Por ejemplo, las siguientes reglas garantizan que un campo tags de un documento contenga una lista y que la primera entrada sea una string. También se garantiza que el campo product contenga un mapa que, a su vez, contenga un nombre de producto que sea una string y una cantidad que sea un número entero.
service cloud.firestore {
match /databases/{database}/documents {
match /orders/{orderId} {
allow create: if request.resource.data.tags is list &&
request.resource.data.tags[0] is string &&
request.resource.data.product is map &&
request.resource.data.product.name is string &&
request.resource.data.product.quantity is int
}
}
}
}
Los tipos de campo se deben aplicar cuando se crea y se actualiza un documento. Por lo tanto, es recomendable que crees una función auxiliar a la que puedas llamar en las secciones de creación y actualización de las reglas de seguridad.
service cloud.firestore {
match /databases/{database}/documents {
function reviewFieldsAreValidTypes(docData) {
return docData.score is int &&
docData.headline is string &&
docData.content is string &&
docData.author_name is string &&
docData.review_date is timestamp;
}
match /restaurant/{restId} {
// Restaurant rules go here...
match /review/{reviewId} {
allow create: if reviewFieldsAreValidTypes(request.resource.data) &&
// Other rules may go here
allow update: if reviewFieldsAreValidTypes(request.resource.data) &&
// Other rules may go here
}
}
}
}
Aplica tipos para los campos opcionales
Es importante recordar que, si llamas a request.resource.data.foo en un documento en el que no existe foo, se generará un error. Por lo tanto, se rechazará la solicitud de cualquier regla de seguridad que realice tal llamada. Para controlar esta situación, usa el método get en request.resource.data. El método get te permite proporcionar un argumento predeterminado para el campo que se recupera de un mapa si ese campo no existe.

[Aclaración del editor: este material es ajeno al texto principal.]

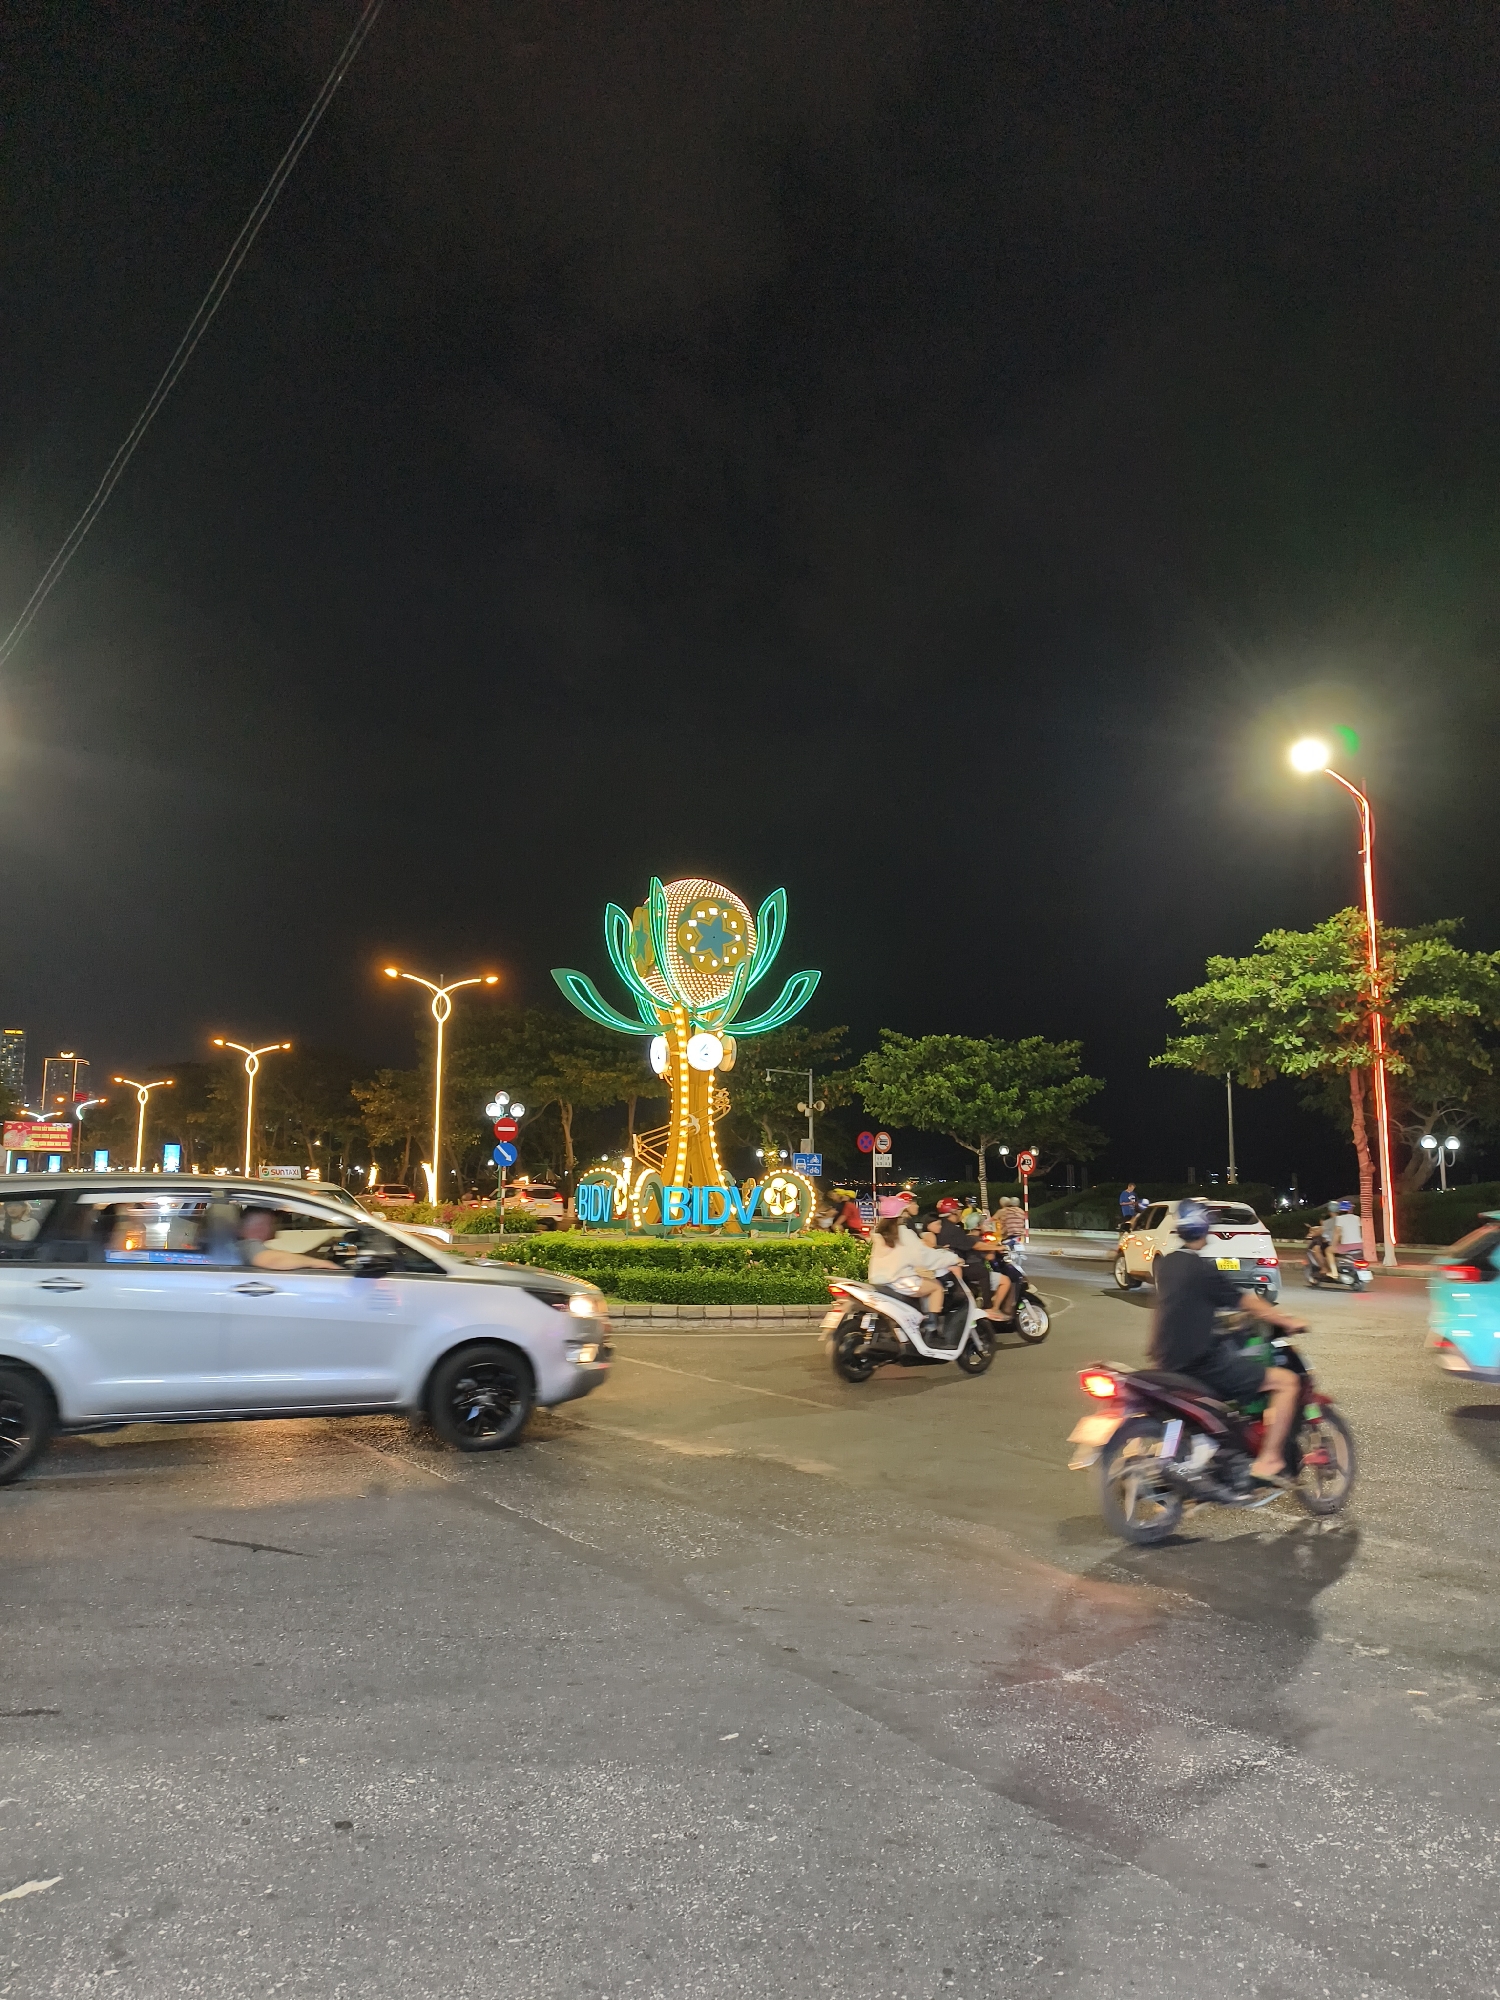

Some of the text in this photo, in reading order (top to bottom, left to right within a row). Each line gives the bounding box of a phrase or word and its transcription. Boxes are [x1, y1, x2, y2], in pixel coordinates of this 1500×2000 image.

[285, 1168, 299, 1176] TAXI
[578, 1184, 613, 1222] BIDV
[662, 1186, 763, 1226] BIDV
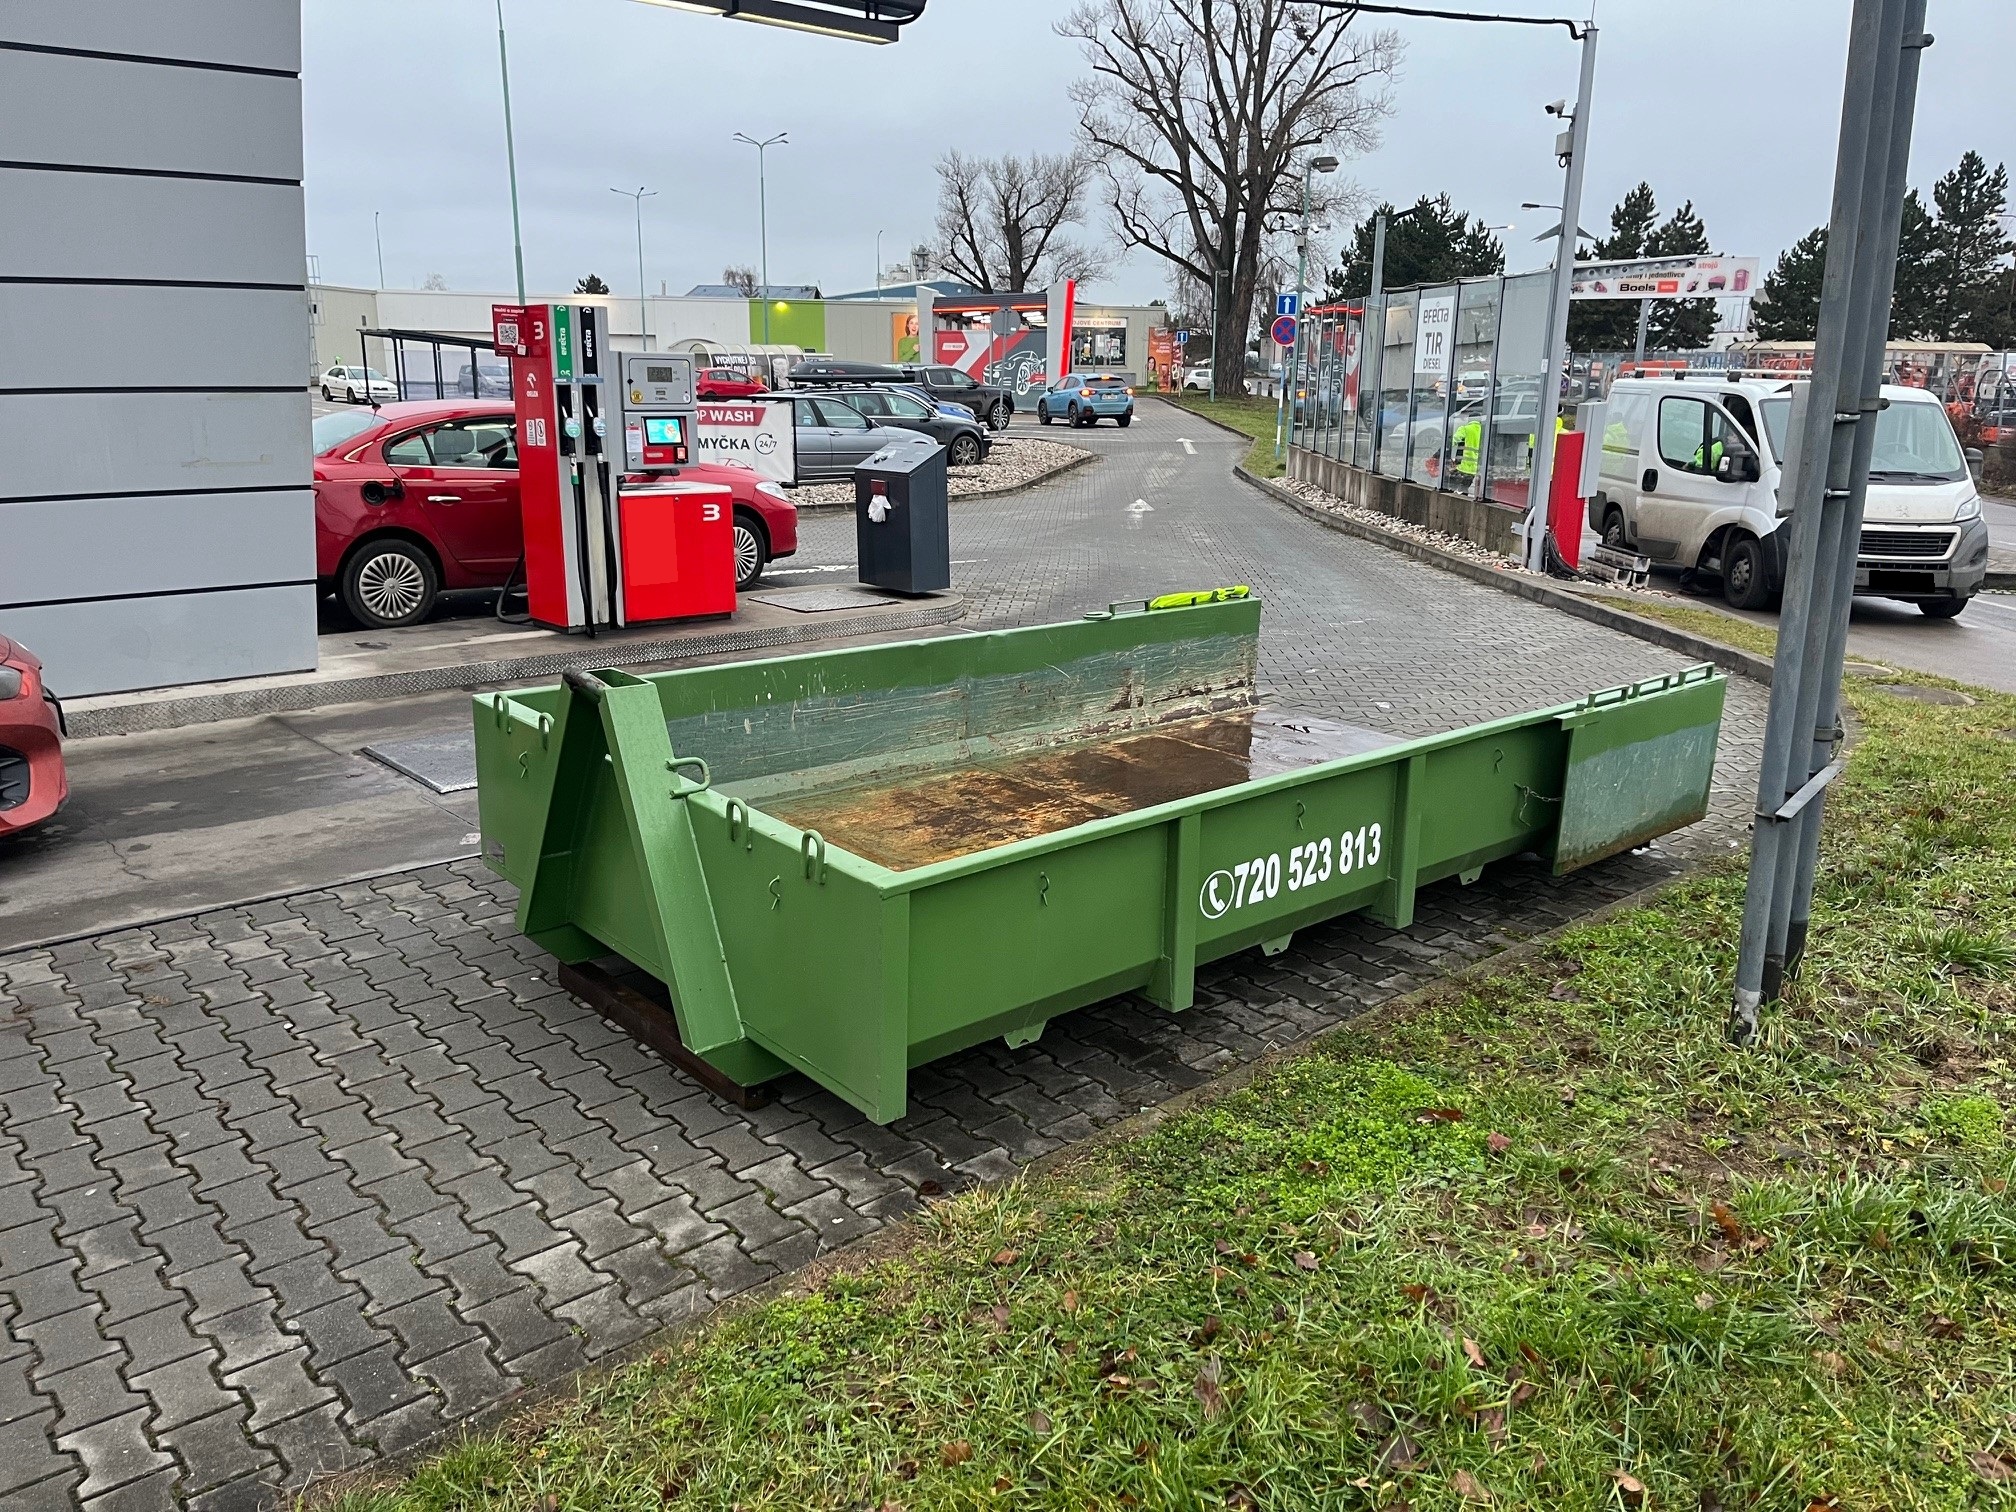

Por ejemplo, si los documentos de opiniones también contienen los campos opcionales photo_url y tags, y quieres verificar que sean strings y listas, respectivamente, puedes reescribir la función reviewFieldsAreValidTypes de la siguiente manera:
function reviewFieldsAreValidTypes(docData) {
return docData.score is int &&
docData.headline is string &&
docData.content is string &&
docData.author_name is string &&
docData.review_date is timestamp &&
docData.get('photo_url', '') is string &&
docData.get('tags', []) is list;
}
Con esto se rechazarán los documentos en los que exista tags, pero no sea una lista, y se seguirán permitiendo los documentos que no contengan un campo tags (o photo_url).
Las escrituras parciales nunca se permiten
Para finalizar, te recordamos que las reglas de seguridad de Firestore permiten que el cliente realice un cambio en un documento, o bien rechazan toda la edición. No puedes crear reglas de seguridad que acepten operaciones de escritura en algunos campos de tu documento y, al mismo tiempo, rechacen otras en la misma operación.